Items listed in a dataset
○ ○ ○ ○

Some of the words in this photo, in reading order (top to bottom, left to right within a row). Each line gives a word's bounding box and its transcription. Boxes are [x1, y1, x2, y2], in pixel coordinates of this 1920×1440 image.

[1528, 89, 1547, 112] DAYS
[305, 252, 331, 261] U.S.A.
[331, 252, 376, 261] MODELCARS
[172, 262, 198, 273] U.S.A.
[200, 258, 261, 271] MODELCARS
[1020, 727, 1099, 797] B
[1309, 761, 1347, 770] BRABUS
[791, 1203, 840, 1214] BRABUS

○ ○ ○ ○

[REQUIRED WORK]: Please print all the data again exactly as given.

[RESPONSE TO THE EXERCISE]:
Some of the words in this photo, in reading order (top to bottom, left to right within a row). Each line gives a word's bounding box and its transcription. Boxes are [x1, y1, x2, y2], in pixel coordinates of this 1920×1440 image.

[1528, 89, 1547, 112] DAYS
[305, 252, 331, 261] U.S.A.
[331, 252, 376, 261] MODELCARS
[172, 262, 198, 273] U.S.A.
[200, 258, 261, 271] MODELCARS
[1020, 727, 1099, 797] B
[1309, 761, 1347, 770] BRABUS
[791, 1203, 840, 1214] BRABUS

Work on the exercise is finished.